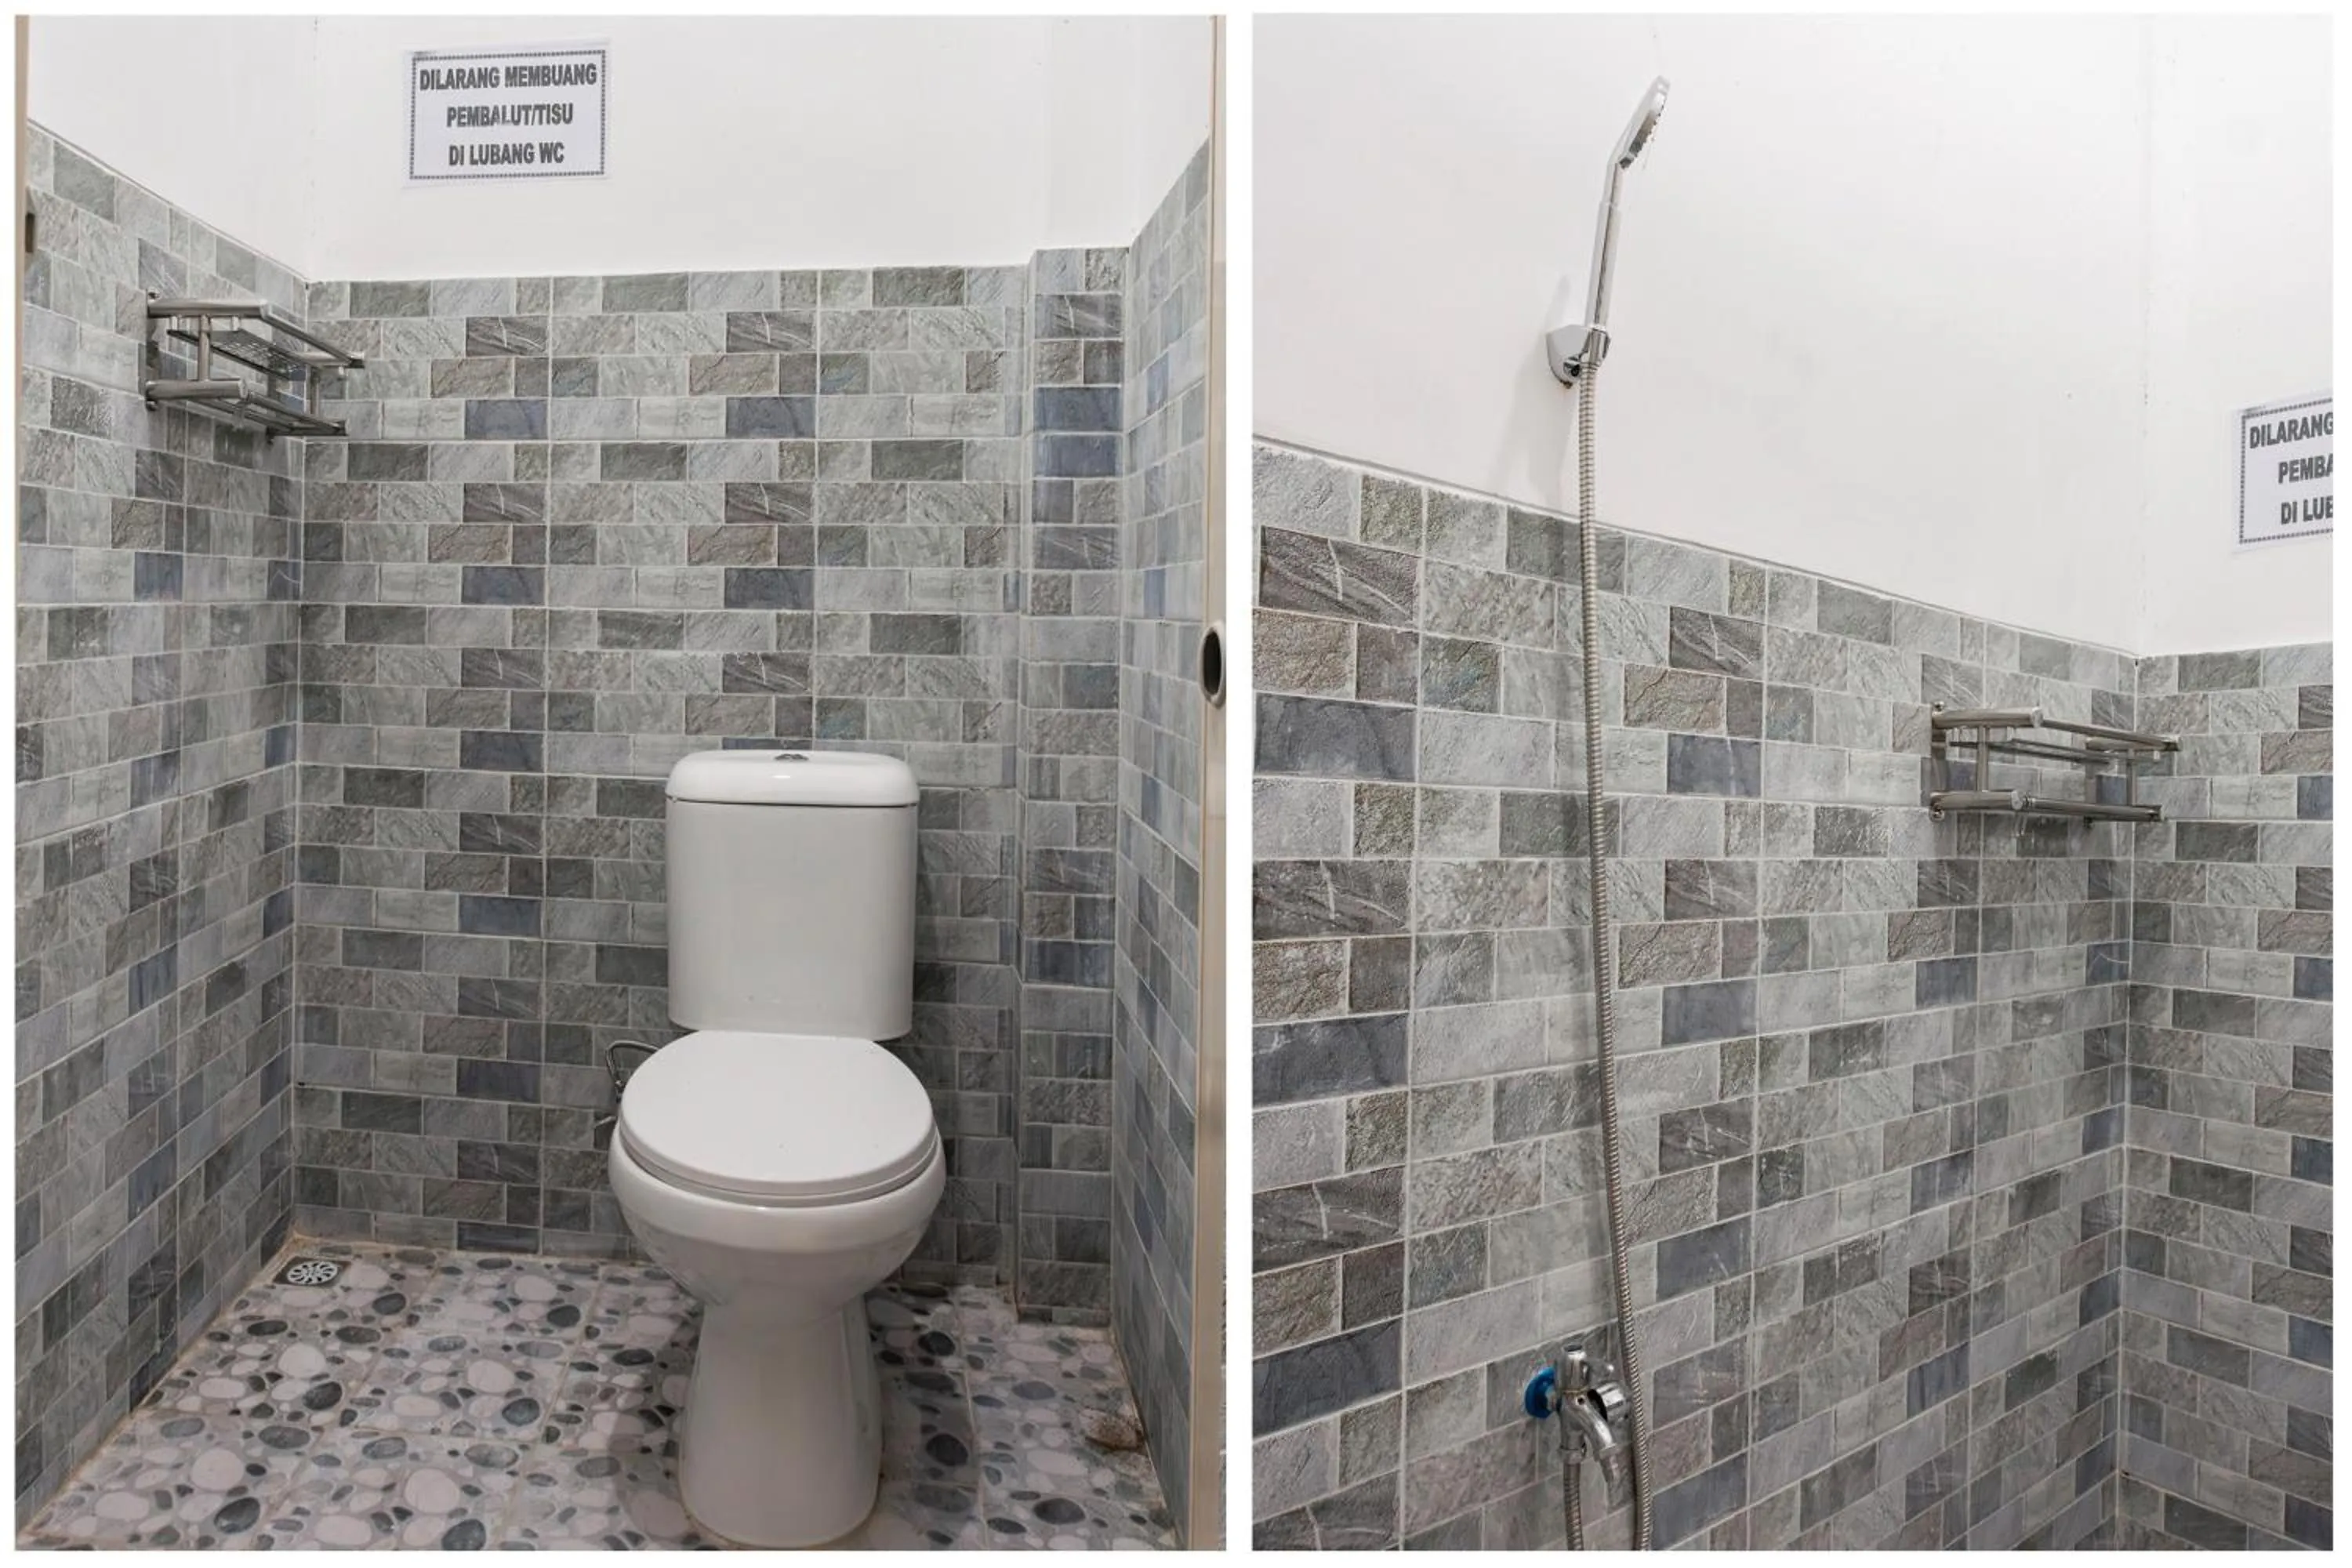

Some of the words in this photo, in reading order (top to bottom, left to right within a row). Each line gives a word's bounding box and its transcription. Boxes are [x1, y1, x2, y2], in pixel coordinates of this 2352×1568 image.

[419, 67, 500, 90] DILARANG
[504, 63, 597, 88] MEMBUANG
[446, 103, 574, 128] PEMBALUT/TISU
[448, 144, 464, 166] DI
[469, 143, 535, 165] LUBANG
[539, 142, 564, 164] WC
[2249, 412, 2333, 448] DILARANG
[2281, 500, 2297, 524] DI

▬▬▬▬▬▬

Print each entry exactly, leaving pictures out.

Some of the words in this photo, in reading order (top to bottom, left to right within a row). Each line gives a word's bounding box and its transcription. Boxes are [x1, y1, x2, y2], in pixel coordinates of this 2352×1568 image.

[419, 67, 500, 90] DILARANG
[504, 63, 597, 88] MEMBUANG
[446, 103, 574, 128] PEMBALUT/TISU
[448, 144, 464, 166] DI
[469, 143, 535, 165] LUBANG
[539, 142, 564, 164] WC
[2249, 412, 2333, 448] DILARANG
[2281, 500, 2297, 524] DI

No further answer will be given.